So British! Difficile de résumer autrement ce qui s’est déroulé vendredi soir sous les yeux des 80 000 personnes présentes dans le stade olympique de Stratford et de plus d’un milliard de téléspectateurs partout dans le monde. Un condensé explosif et vivifiant de ce qu’est la Grande-Bretagne.

Pour ce show planétaire, Danny Boyle, le réalisateur oscarisé de Slumdog Millionaire a laissé libre cours à son imagination fertile. Pour un résultat décoiffant.
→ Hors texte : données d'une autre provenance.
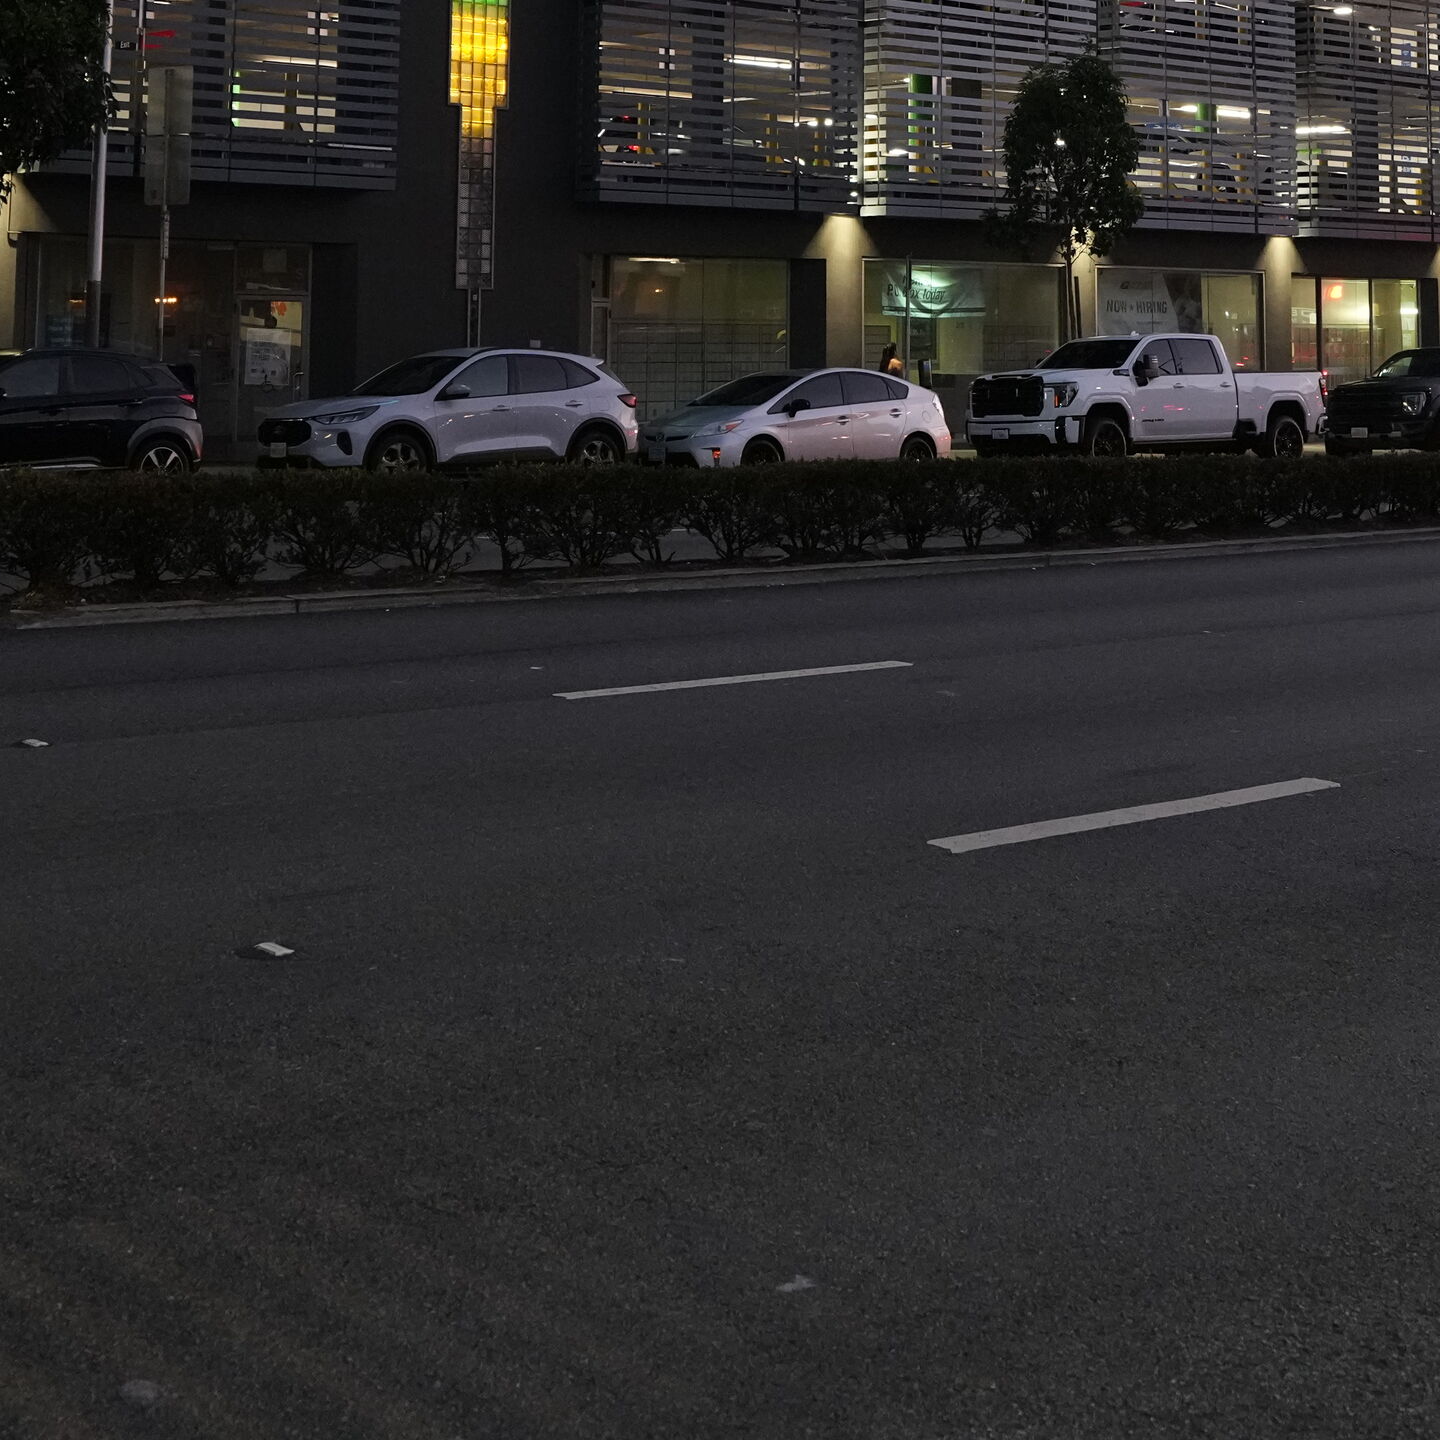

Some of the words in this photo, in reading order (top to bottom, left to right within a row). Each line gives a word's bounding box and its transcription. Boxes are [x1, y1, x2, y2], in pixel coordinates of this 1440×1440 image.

[922, 288, 946, 302] today
[1106, 299, 1127, 313] NOW
[1136, 300, 1168, 314] HIRING
Avec cette cérémonie inventive et décalée, les Britanniques ont su éviter le piège du clinquant et de la démesure. Technologiquement et techniquement, on était loin de la folie des grandeurs de Pékin 2008 au cours de laquelle le pays avait exposé sa toute puissante aux yeux du monde dans un show qui restera probablement inégalé. Mais la cérémonie chinoise, aussi féérique qu’elle fut, était trop sage. Elle avait manqué d’extravagance et de fantaisie. Celle de Londres 2012 a baigné dans l’originalité et l’excentricité. Et dans une sorte d’autodérision caractéristique de l’humour insulaire britannique contrastant radicalement avec le patriotisme kitsch que dégage habituellement cet exercice.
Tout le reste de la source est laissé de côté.